In this paper, we first study how an ideal yet practical EBR system works, and then design FAERY , an FPGA-accelerated EBR, which achieves the optimal performance of the practically ideal EBR system. FAERY is composed of three key components: It uses a high bandwidth HBM for memory bandwidth-intensive corpus scanning, a data parallelism approach for similarity calculation, and a pipeline-based approach for K-selection.

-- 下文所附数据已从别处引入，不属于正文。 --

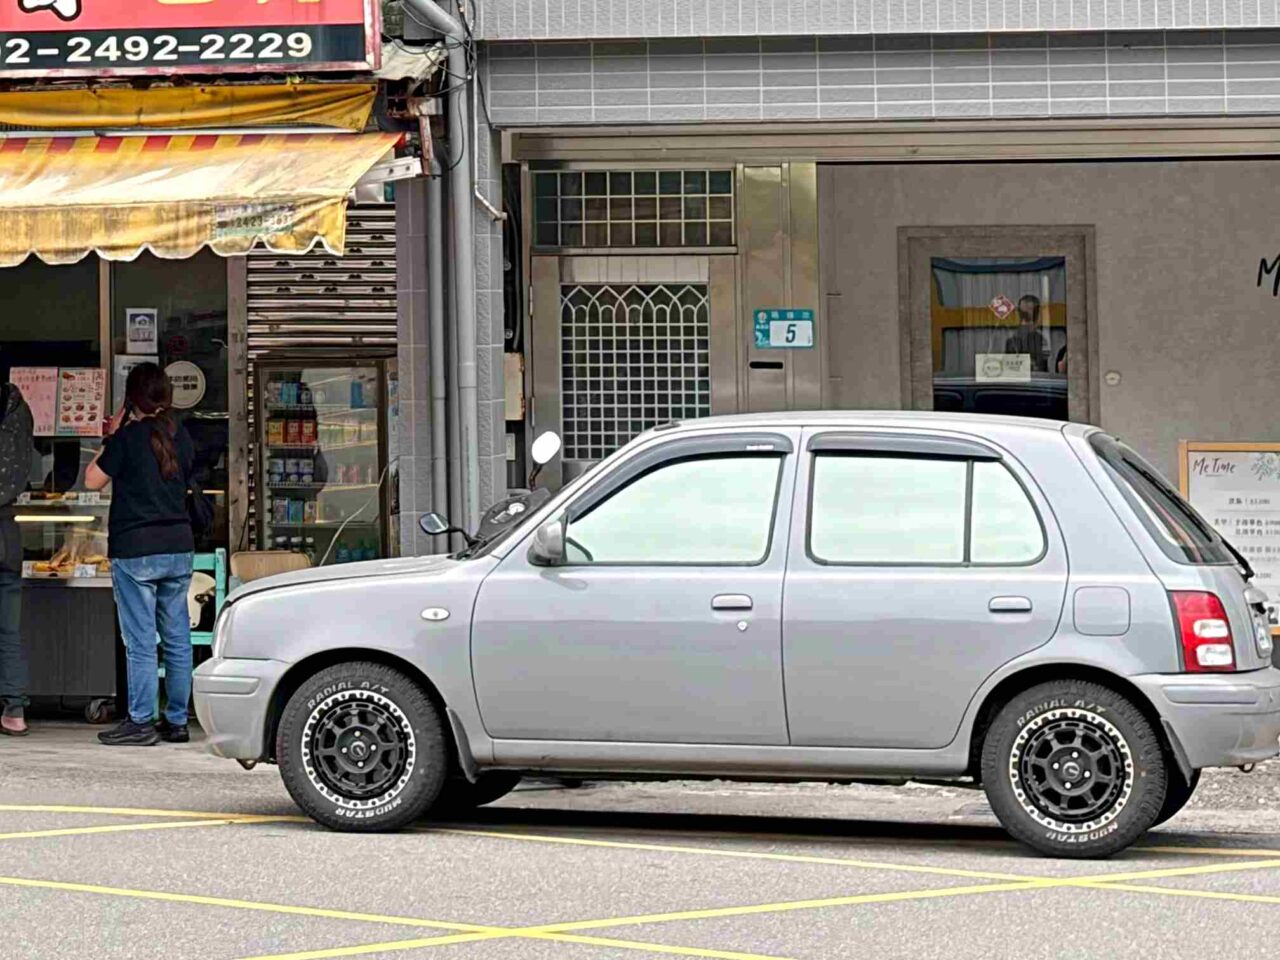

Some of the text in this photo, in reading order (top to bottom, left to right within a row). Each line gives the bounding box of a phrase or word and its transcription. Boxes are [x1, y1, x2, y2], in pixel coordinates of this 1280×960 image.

[785, 323, 797, 343] 5
[307, 681, 355, 710] RADIAL
[1016, 698, 1067, 727] RADIAL
[335, 797, 402, 819] MUDSTAR

To further reduce hardware resources, FAERY introduces a filter to early drop the non-Top-K items. Experiments show that the degraded FAERY with the same memory bandwidth of GPU still achieves 1.21×-12.27× lower latency and up to 4.29× higher throughput under a latency target of 10 ms than GPU-based EBR.
嵌入式检索(EBR)广泛应用于推荐系统中,用于从包含数百万或更多项的大型语料库中检索成千上万的相关候选项。一个好的EBR系统需要同时实现高吞吐量和低延迟,因为高吞吐量通常意味着降低成本,而低延迟则可以提升用户体验。然而,由于现有CPU和GPU架构的固有限制,当前的EBR系统性能远非最佳。在本文中,我们首先研究了一个理想且实用的EBR系统应如何运作,然后设计了FAERY,这是一种FPGA加速的EBR系统,能够实现实际上理想的EBR系统的最佳性能。FAERY由三个关键组件组成:它采用高带宽的HBM(高带宽内存)来进行内存带宽密集型的语料库扫描,使用数据并行的方法进行相似度计算,并采用基于流水线的方法进行K选择。为了进一步减少硬件资源,FAERY引入了一个过滤器,用于提前丢弃非Top-K项。实验表明,使用与GPU相同内存带宽的FAERY降级版本仍能在10毫秒延迟目标下,比基于GPU的EBR实现1.21倍至12.27倍的低延迟,并能实现高达4.29倍的吞吐量。